O OLHAR DE VOLUNTÁRIOS NOS TESTES DA VACINA DE OXFORD
A jornalista Janaína Wille, 23 anos, detalha que a vontade em contribuir com a ciência foi o primeiro fator que a levou a ser voluntária. Ao dar detalhes de sua participação no estudo, Wille explica que recebeu, em um primeiro momento, o placebo, não a vacina em si. A primeira dose da vacina Oxford-AstraZeneca foi aplicada no dia 22 de fevereiro de 2021 e a segunda dose foi feita no mês de maio de 2021.

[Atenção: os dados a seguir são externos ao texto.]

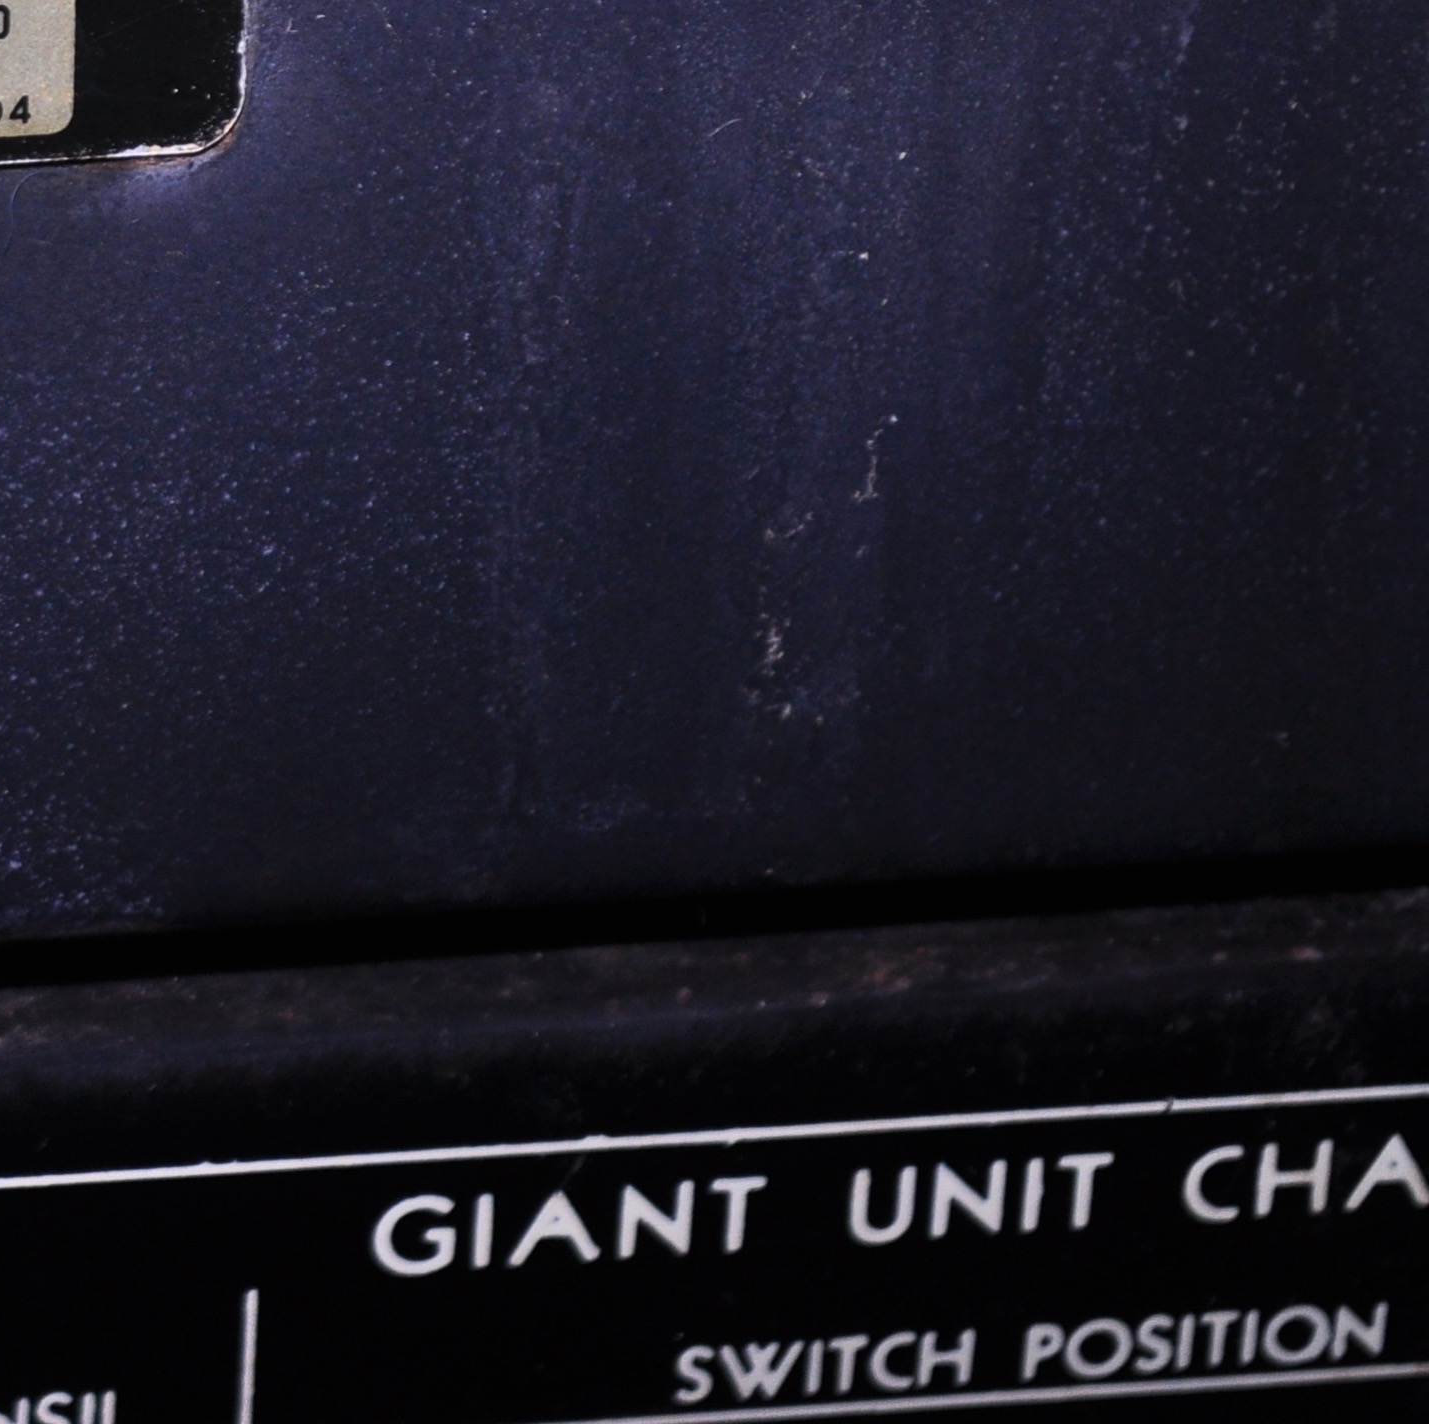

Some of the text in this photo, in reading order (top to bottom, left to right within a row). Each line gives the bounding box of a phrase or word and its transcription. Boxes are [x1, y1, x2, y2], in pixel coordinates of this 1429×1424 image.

Receber a segunda aplicação, conforme menciona Wille: “Foi muito legal e deu um pouco mais de segurança, porque, enquanto jornalista, eu trabalhava toda a pandemia presencialmente, saindo para rua, fazendo reportagens, contando a realidade aqui na cidade pra todo mundo. Não cheguei a trabalhar de casa, não consegui fazer um isolamento por conta da minha profissão”. Embora a aplicação das duas doses tenha trazido segurança, a jornalista destaca que não deixou de seguir os protocolos de prevenção contra a Covid-19: “Segui com o distanciamento, me cuidando, até porque a gente sabe que a vacina tem uma certa eficácia, ela ajuda a diminuir os índices de internações e de mortes.” A jornalista ainda pontua que poderia contrair o vírus, tornar-se uma transmissora e passar para outras pessoas que ainda não se vacinaram.

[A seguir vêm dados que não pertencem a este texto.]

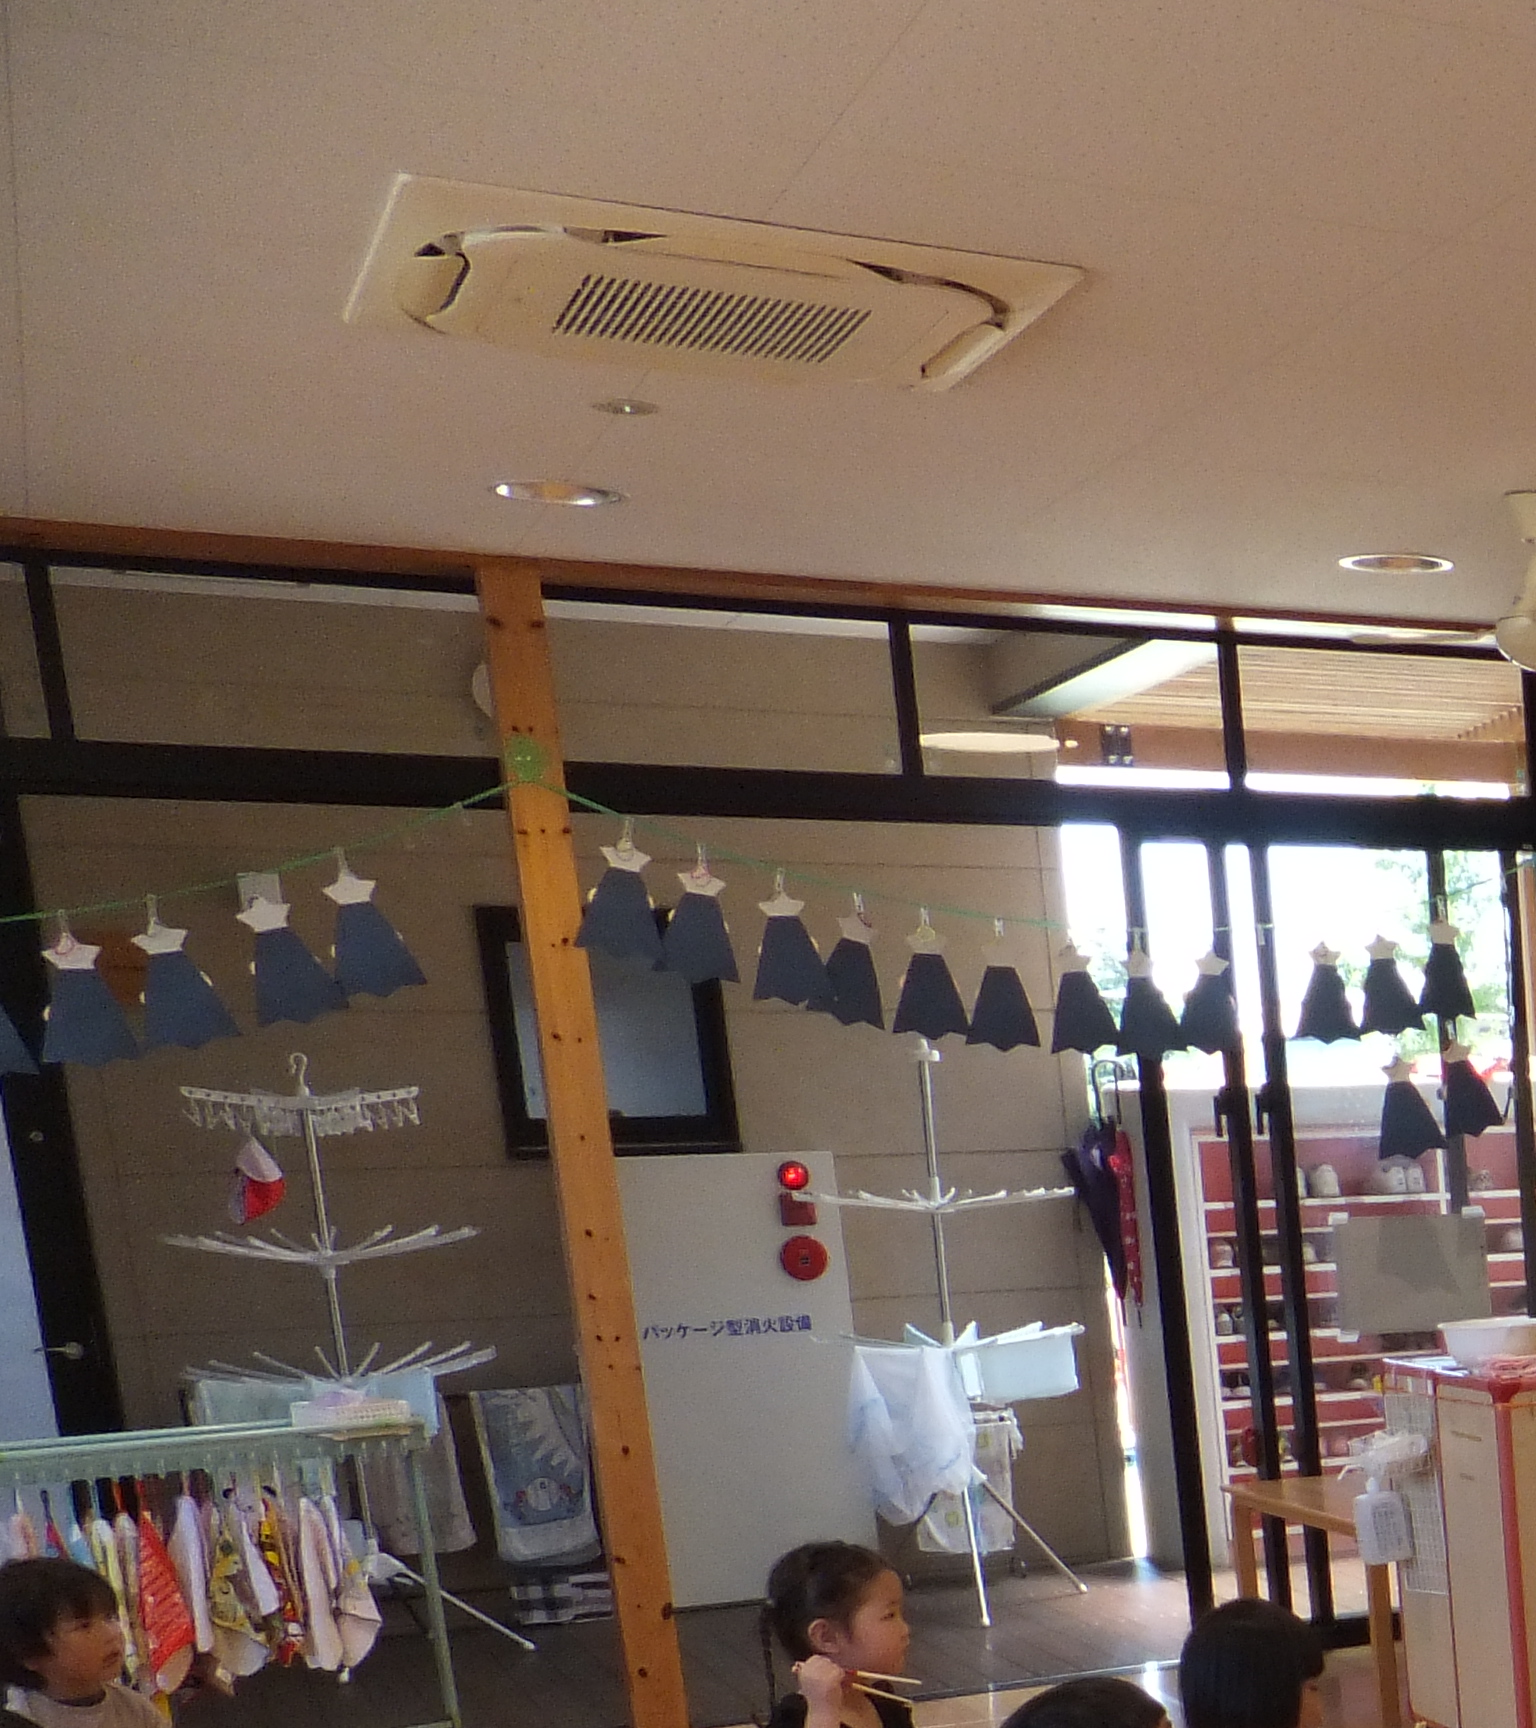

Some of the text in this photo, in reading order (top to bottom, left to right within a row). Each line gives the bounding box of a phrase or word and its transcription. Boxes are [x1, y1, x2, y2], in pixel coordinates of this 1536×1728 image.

[642, 1314, 812, 1340] パッケージ型消火設備
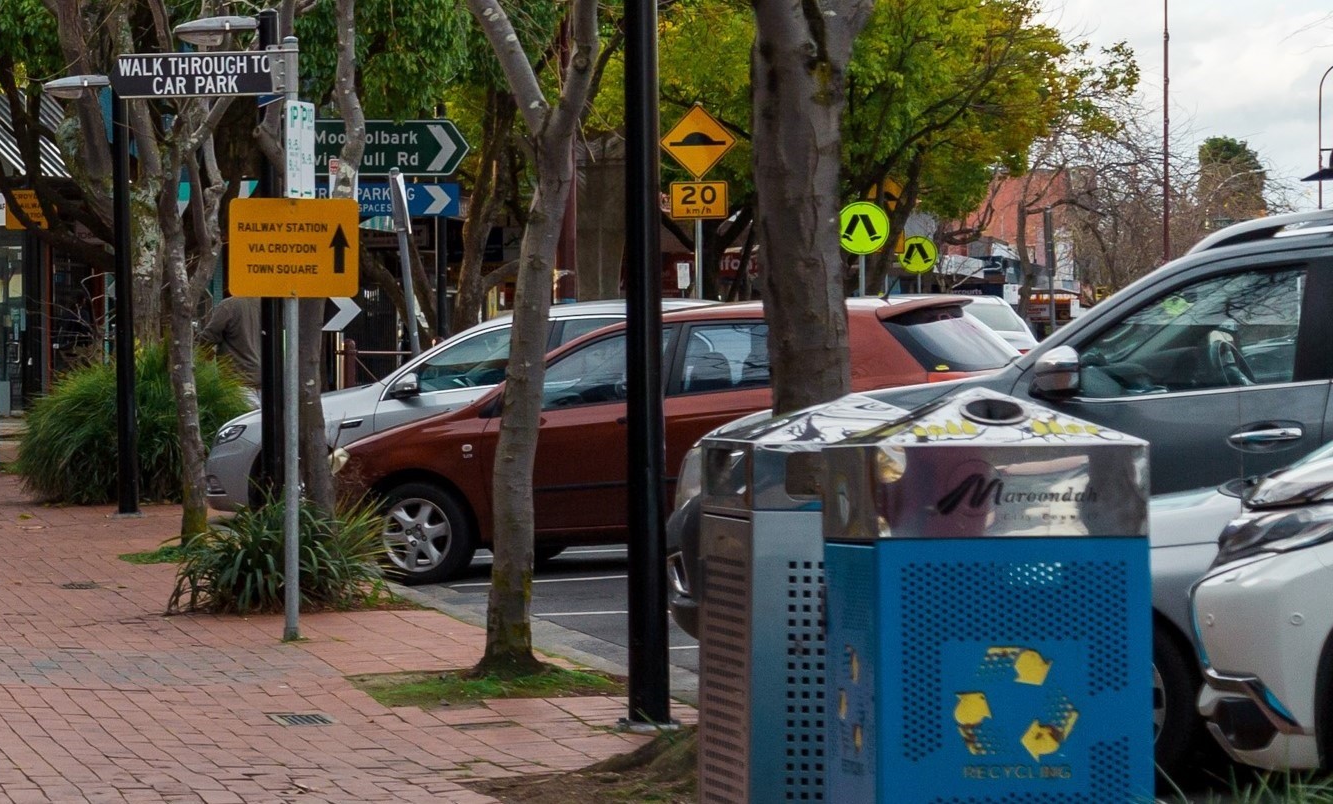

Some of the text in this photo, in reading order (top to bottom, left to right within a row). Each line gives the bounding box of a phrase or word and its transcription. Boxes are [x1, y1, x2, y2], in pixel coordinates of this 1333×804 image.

[118, 55, 271, 76] WALK THROUGH TO
[152, 75, 239, 95] CAR PARK
[315, 130, 419, 145] Mooolbark
[397, 152, 419, 166] Rd
[358, 188, 416, 200] PARKG
[680, 185, 717, 205] 20
[359, 204, 393, 213] SPACES
[686, 206, 712, 214] km/h
[237, 222, 328, 232] RAILWAY STATION
[248, 243, 317, 253] VIA CROYDON
[246, 264, 318, 275] TOWN SQUARE
[937, 473, 1098, 515] Maroondah
[962, 766, 1072, 779] RECYCLING

O jornalista Felipe Backes, 22 anos, é outro participante dos testes. Ele recebeu a primeira dose no dia 19 de outubro de 2020 e a segunda foi aplicada no dia 18 de novembro de 2020. Backes diz que o sentimento de segurança nos testes foi do início ao fim. Ele acredita que a UFSM é uma instituição consolidada e que a AstraZeneca – por ser uma empresa mundial – associada à Universidade de Oxford, foi um combo que gerou confiabilidade para participar do estudo. Em relação aos impactos sociais que os estudos têm socialmente, Backes diz não saber como mensurá-los, mas afirma que: “Tenho total consciência de que o papel do voluntariado impactou para que a vacina estivesse disponível tão cedo pro país, por mais que outras vacinas tivessem sido oferecidas antes ao Brasil.”.
A CONTRIBUIÇÃO CIENTÍFICA DA UFSM PARA ALÉM DO ARCO
Dois estudos notórios de vacinas contra a COVID-19 foram feitos na UFSM. Como já mencionado, um deles foi a da vacina Clover, já o outro é associado à farmacêutica britânica AstraZeneca em parceria com a Universidade de Oxford. Com os estudos almeja-se acelerar o desenvolvimento e a fabricação do imunizante contra a COVID-19.

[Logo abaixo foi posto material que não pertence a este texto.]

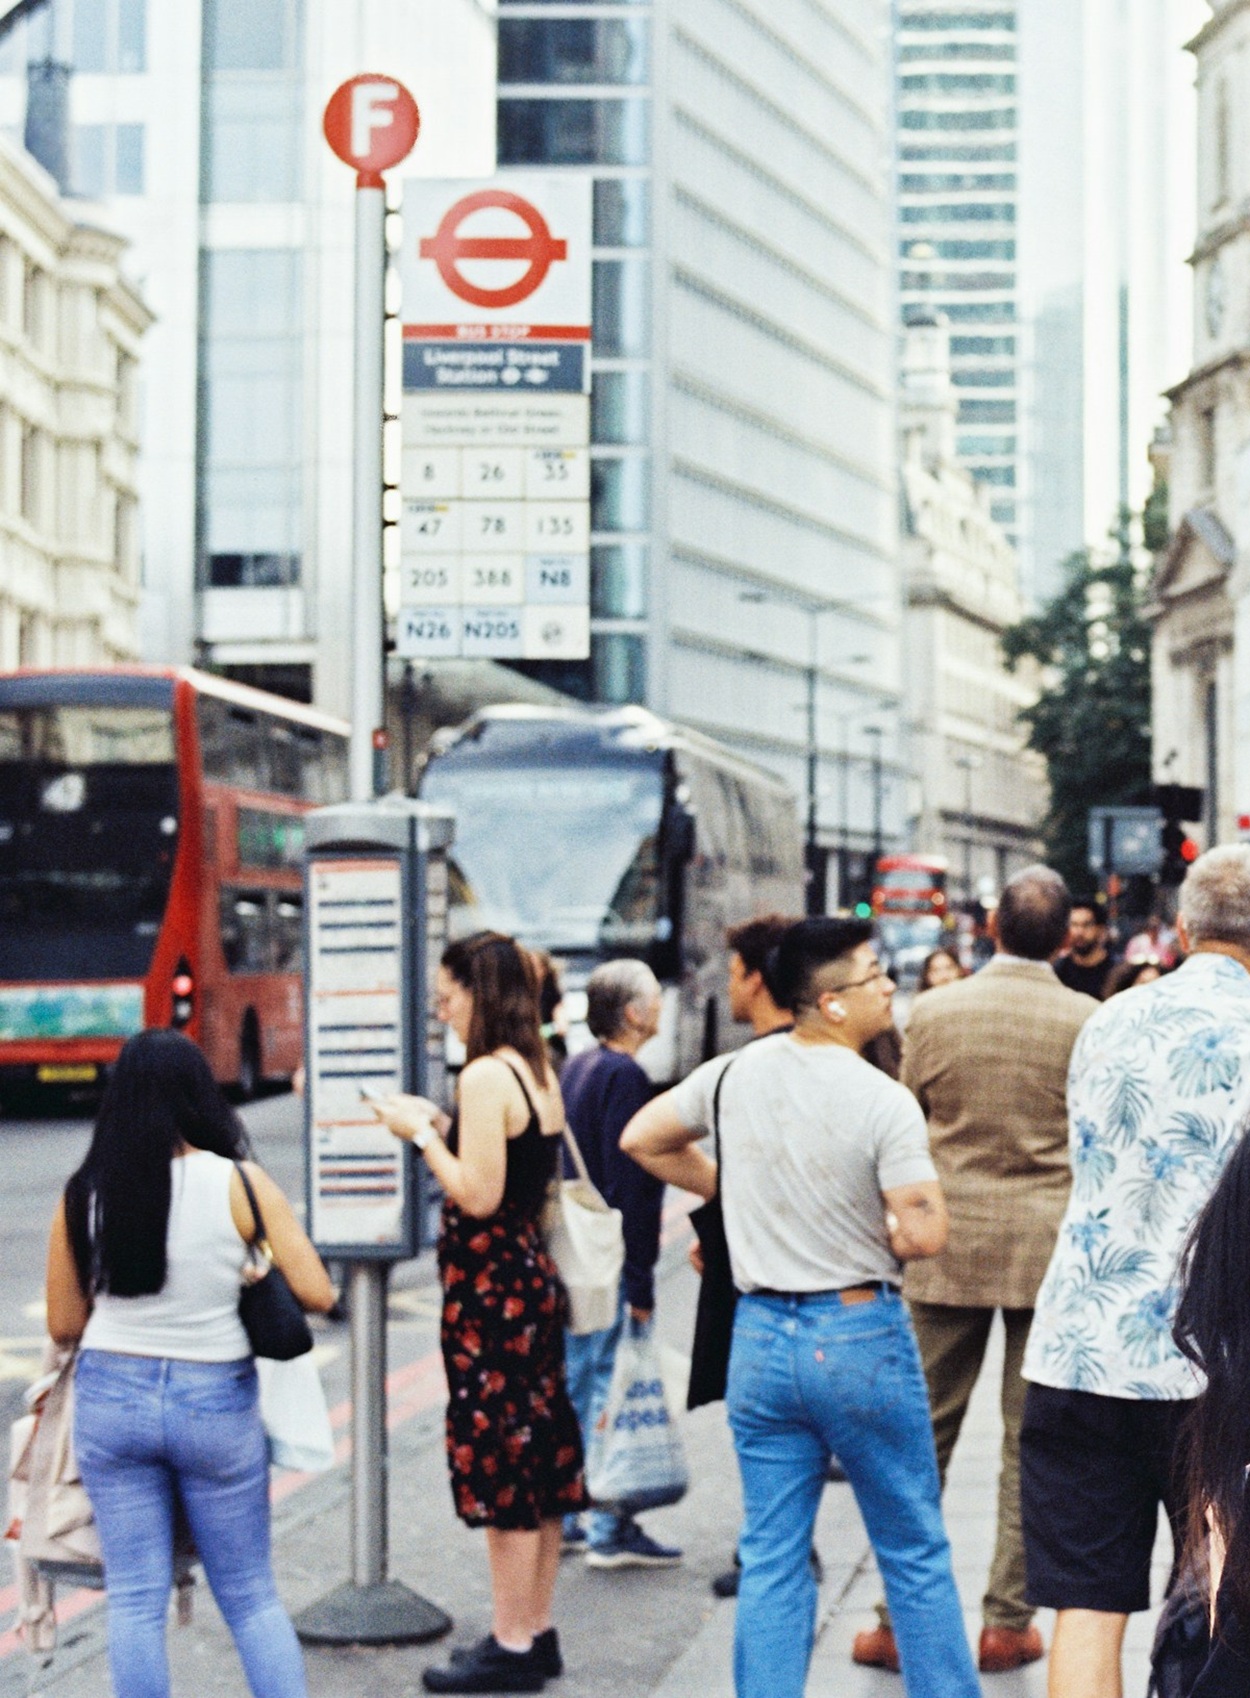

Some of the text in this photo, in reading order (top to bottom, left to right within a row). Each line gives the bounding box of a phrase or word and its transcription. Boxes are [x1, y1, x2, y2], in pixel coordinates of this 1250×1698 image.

[351, 82, 399, 159] F
[423, 348, 561, 368] Liverpool Street
[435, 367, 499, 385] Station
[423, 463, 434, 481] 8
[480, 462, 504, 481] 26
[482, 516, 506, 535] 78
[410, 568, 448, 588] 205
[539, 568, 572, 587] N8
[406, 620, 451, 639] N26
[464, 620, 520, 640] N205

O responsável pelos testes na UFSM, o professor Alexandre Vargas Schwarzbold, do Departamento de Clínica Médica, ressalta que os estudos, tanto de Oxford quanto da Clover, tiveram financiamento privado. Schwarzbold informa que é a partir de dados concretos produzidos nas universidades que ocorre o financiamento de pesquisas com grande número de pessoas, ou seja, a experiência do centro de pesquisa clínica é um fator central. Exige-se também, uma estrutura laboratorial com equipes de dezenas de pessoas para trabalhar ao mesmo tempo, na UFSM, por exemplo, foram randomizadas em torno de 800 pessoas – mesmo com prazo curto, conclui o professor.
A participação da UFSM em estudos como esses faz com que a instituição ganhe mais visibilidade, credibilidade e possibilita novos caminhos para realizar mais projetos de vacinas, mais parcerias, incentivar a pesquisa, valorizar os profissionais e contribuir para o desenvolvimento da sociedade.